◆ WHAT IS BEING ASKED:
Type out each entry exactly.

◆ GIVEN DATA:
___
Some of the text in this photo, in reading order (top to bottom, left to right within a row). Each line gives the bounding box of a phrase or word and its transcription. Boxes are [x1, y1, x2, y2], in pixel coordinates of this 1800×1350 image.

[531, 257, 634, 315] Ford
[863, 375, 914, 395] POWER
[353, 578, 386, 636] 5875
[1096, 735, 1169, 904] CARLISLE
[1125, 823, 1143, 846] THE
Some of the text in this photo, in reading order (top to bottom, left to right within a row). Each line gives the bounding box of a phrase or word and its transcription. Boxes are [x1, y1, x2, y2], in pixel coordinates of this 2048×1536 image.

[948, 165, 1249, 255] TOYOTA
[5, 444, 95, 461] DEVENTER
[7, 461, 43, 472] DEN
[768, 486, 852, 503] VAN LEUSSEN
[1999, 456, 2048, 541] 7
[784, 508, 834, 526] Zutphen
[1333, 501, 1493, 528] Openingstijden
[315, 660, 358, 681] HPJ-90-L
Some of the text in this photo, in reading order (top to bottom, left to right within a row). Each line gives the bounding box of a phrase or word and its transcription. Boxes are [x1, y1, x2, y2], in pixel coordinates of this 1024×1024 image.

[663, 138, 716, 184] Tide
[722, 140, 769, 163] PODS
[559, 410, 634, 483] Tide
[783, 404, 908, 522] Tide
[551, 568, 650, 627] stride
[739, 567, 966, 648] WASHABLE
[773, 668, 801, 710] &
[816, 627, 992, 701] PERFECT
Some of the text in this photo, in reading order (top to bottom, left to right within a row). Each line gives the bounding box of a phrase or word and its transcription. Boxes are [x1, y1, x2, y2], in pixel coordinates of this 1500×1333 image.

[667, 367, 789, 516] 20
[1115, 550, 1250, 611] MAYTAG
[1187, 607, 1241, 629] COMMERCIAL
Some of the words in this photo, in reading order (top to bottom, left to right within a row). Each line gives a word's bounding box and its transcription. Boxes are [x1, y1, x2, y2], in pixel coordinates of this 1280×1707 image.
___
◆ ANSWER SECTION:
Some of the text in this photo, in reading order (top to bottom, left to right within a row). Each line gives the bounding box of a phrase or word and its transcription. Boxes are [x1, y1, x2, y2], in pixel coordinates of this 1800×1350 image.

[531, 257, 634, 315] Ford
[863, 375, 914, 395] POWER
[353, 578, 386, 636] 5875
[1096, 735, 1169, 904] CARLISLE
[1125, 823, 1143, 846] THE
Some of the text in this photo, in reading order (top to bottom, left to right within a row). Each line gives the bounding box of a phrase or word and its transcription. Boxes are [x1, y1, x2, y2], in pixel coordinates of this 2048×1536 image.

[948, 165, 1249, 255] TOYOTA
[5, 444, 95, 461] DEVENTER
[7, 461, 43, 472] DEN
[768, 486, 852, 503] VAN LEUSSEN
[1999, 456, 2048, 541] 7
[784, 508, 834, 526] Zutphen
[1333, 501, 1493, 528] Openingstijden
[315, 660, 358, 681] HPJ-90-L
Some of the text in this photo, in reading order (top to bottom, left to right within a row). Each line gives the bounding box of a phrase or word and its transcription. Boxes are [x1, y1, x2, y2], in pixel coordinates of this 1024×1024 image.

[663, 138, 716, 184] Tide
[722, 140, 769, 163] PODS
[559, 410, 634, 483] Tide
[783, 404, 908, 522] Tide
[551, 568, 650, 627] stride
[739, 567, 966, 648] WASHABLE
[773, 668, 801, 710] &
[816, 627, 992, 701] PERFECT
Some of the text in this photo, in reading order (top to bottom, left to right within a row). Each line gives the bounding box of a phrase or word and its transcription. Boxes are [x1, y1, x2, y2], in pixel coordinates of this 1500×1333 image.

[667, 367, 789, 516] 20
[1115, 550, 1250, 611] MAYTAG
[1187, 607, 1241, 629] COMMERCIAL
Some of the words in this photo, in reading order (top to bottom, left to right within a row). Each line gives a word's bounding box and its transcription. Boxes are [x1, y1, x2, y2], in pixel coordinates of this 1280×1707 image.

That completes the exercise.